■ **Requirement**: Look for the line containing "this 1280×1280 image." in the listing below; from there, output every line exactly, the last one included.

■ **Entries supplied**:
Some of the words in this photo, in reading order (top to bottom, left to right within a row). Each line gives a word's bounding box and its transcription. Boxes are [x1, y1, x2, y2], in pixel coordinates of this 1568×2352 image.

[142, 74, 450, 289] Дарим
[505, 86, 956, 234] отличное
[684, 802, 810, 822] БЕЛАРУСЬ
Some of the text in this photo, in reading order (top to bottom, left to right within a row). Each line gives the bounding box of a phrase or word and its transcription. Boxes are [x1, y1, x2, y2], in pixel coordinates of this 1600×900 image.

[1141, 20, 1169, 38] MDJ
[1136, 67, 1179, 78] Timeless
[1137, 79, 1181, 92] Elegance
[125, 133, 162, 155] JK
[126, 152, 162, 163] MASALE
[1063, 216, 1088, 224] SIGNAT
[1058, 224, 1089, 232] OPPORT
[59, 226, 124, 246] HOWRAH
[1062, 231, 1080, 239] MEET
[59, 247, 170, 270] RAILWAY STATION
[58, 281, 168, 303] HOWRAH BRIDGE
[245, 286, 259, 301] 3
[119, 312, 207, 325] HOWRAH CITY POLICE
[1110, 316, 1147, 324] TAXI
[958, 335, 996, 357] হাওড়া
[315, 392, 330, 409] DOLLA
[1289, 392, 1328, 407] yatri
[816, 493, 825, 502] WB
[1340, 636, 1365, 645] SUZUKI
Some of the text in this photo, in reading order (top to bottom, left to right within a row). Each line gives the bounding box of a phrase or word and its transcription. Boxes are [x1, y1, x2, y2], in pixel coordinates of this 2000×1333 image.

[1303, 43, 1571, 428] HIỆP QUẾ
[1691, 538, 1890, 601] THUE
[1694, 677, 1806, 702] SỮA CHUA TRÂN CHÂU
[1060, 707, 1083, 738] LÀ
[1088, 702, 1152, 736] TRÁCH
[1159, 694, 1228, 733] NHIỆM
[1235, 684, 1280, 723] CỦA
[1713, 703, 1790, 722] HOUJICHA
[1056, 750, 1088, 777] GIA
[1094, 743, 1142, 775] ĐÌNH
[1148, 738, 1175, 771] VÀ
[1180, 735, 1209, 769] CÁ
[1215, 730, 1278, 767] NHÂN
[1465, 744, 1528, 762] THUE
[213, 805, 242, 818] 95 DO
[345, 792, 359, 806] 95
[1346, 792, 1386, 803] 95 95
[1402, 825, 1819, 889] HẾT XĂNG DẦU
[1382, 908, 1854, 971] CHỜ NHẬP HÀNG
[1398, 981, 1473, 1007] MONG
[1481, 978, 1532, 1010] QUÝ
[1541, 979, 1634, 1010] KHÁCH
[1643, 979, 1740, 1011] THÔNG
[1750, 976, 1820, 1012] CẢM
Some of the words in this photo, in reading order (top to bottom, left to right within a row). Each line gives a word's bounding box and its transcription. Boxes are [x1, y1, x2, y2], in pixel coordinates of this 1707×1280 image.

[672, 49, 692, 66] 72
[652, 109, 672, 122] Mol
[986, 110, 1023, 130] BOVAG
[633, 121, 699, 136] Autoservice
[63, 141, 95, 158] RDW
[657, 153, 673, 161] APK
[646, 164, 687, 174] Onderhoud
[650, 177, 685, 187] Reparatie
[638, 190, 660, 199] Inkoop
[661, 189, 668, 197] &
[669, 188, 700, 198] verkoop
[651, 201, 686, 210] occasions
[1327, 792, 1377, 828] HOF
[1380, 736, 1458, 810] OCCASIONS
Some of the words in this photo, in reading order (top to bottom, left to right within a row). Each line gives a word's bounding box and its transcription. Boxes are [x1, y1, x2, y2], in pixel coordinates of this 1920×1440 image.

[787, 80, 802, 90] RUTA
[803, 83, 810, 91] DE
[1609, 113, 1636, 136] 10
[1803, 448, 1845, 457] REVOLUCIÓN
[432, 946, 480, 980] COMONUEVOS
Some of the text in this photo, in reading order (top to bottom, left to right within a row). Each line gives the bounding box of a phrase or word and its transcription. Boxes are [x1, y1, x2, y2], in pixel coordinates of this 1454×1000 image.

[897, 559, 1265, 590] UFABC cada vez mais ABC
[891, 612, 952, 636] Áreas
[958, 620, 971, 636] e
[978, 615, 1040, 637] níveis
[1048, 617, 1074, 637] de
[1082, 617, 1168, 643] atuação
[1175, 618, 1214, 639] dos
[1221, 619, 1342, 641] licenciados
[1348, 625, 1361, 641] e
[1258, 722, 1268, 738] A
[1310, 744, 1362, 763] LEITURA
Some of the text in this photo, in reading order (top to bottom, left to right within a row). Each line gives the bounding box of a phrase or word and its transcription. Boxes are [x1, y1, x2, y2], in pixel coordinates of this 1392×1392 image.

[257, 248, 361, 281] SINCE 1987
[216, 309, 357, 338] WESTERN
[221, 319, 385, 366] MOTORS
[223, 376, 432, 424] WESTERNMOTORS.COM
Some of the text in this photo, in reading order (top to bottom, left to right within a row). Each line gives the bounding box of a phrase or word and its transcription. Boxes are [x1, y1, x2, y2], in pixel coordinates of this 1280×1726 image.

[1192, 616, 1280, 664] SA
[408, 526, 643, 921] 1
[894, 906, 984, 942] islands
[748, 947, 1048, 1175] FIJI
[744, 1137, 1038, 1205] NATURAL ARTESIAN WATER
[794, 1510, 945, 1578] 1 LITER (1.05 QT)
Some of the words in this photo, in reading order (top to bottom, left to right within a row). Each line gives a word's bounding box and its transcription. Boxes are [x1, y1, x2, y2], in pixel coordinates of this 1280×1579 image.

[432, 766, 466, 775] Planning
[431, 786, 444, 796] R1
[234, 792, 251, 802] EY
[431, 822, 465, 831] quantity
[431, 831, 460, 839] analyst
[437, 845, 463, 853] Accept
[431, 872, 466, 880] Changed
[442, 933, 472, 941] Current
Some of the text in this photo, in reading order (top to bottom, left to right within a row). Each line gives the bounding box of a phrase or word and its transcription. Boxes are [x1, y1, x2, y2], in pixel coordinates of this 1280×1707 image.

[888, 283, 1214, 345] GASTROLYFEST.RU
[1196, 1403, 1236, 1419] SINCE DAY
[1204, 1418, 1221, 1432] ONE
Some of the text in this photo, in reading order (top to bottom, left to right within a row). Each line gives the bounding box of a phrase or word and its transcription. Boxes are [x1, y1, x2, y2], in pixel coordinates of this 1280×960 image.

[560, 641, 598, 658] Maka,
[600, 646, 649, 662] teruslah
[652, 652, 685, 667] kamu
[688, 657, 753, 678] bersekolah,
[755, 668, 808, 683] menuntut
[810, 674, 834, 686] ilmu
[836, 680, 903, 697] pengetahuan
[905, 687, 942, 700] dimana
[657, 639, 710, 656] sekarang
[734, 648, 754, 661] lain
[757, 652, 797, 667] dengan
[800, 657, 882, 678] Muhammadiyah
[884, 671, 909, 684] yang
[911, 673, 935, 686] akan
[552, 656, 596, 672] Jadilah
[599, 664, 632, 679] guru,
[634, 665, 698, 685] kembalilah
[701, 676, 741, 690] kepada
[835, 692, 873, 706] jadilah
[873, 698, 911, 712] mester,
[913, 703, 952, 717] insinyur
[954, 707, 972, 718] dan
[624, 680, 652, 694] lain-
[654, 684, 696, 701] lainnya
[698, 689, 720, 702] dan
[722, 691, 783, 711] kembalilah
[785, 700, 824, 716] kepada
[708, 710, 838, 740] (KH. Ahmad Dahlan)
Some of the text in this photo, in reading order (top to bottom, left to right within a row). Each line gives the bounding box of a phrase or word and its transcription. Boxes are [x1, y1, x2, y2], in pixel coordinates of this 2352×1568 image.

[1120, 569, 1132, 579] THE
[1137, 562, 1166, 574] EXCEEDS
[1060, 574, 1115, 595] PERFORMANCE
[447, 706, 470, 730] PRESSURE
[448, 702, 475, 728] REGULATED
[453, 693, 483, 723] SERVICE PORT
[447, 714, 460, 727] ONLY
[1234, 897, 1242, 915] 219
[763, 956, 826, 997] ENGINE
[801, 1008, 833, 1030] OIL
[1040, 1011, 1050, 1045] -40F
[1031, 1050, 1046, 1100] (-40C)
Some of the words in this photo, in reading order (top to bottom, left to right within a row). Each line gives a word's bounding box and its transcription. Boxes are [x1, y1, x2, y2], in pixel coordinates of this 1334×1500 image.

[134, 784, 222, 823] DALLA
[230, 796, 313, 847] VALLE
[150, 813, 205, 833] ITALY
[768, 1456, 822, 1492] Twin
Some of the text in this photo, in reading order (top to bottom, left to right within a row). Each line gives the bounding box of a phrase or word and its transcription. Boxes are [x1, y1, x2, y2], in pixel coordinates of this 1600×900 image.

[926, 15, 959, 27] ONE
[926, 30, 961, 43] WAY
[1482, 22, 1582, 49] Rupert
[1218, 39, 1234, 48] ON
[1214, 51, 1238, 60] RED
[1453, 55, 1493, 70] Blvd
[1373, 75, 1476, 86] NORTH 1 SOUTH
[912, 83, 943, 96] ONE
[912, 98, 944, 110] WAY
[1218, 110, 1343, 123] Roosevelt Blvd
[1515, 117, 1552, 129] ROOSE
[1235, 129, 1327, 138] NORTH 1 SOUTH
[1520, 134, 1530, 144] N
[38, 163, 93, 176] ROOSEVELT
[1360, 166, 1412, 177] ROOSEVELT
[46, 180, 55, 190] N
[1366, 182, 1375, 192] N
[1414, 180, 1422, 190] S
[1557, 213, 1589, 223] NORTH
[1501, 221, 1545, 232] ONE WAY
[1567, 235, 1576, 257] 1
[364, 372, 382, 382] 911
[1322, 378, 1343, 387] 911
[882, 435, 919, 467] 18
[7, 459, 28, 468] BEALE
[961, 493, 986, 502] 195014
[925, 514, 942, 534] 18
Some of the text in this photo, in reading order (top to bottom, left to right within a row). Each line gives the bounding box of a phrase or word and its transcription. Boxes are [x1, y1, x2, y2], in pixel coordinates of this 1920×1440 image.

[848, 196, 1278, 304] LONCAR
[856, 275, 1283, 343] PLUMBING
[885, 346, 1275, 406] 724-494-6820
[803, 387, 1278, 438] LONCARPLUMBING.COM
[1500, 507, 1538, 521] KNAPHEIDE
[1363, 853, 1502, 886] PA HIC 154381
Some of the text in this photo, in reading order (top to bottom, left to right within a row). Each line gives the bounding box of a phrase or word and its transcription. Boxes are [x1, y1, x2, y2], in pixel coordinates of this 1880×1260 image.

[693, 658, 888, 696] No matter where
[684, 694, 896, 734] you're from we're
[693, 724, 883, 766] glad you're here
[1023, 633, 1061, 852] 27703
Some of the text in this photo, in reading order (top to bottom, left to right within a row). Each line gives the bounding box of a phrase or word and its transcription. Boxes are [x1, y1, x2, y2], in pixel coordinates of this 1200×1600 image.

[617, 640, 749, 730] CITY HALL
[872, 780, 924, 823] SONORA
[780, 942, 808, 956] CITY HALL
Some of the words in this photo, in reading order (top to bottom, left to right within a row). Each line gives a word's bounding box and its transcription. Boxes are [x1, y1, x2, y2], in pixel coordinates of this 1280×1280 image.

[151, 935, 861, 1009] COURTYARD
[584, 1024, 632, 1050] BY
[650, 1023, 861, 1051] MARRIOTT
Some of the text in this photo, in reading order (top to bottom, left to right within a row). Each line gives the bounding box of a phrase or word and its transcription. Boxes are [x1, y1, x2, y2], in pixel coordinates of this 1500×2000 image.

■ **Exercise solution**:
Some of the words in this photo, in reading order (top to bottom, left to right within a row). Each line gives a word's bounding box and its transcription. Boxes are [x1, y1, x2, y2], in pixel coordinates of this 1280×1280 image.

[151, 935, 861, 1009] COURTYARD
[584, 1024, 632, 1050] BY
[650, 1023, 861, 1051] MARRIOTT
Some of the text in this photo, in reading order (top to bottom, left to right within a row). Each line gives the bounding box of a phrase or word and its transcription. Boxes are [x1, y1, x2, y2], in pixel coordinates of this 1500×2000 image.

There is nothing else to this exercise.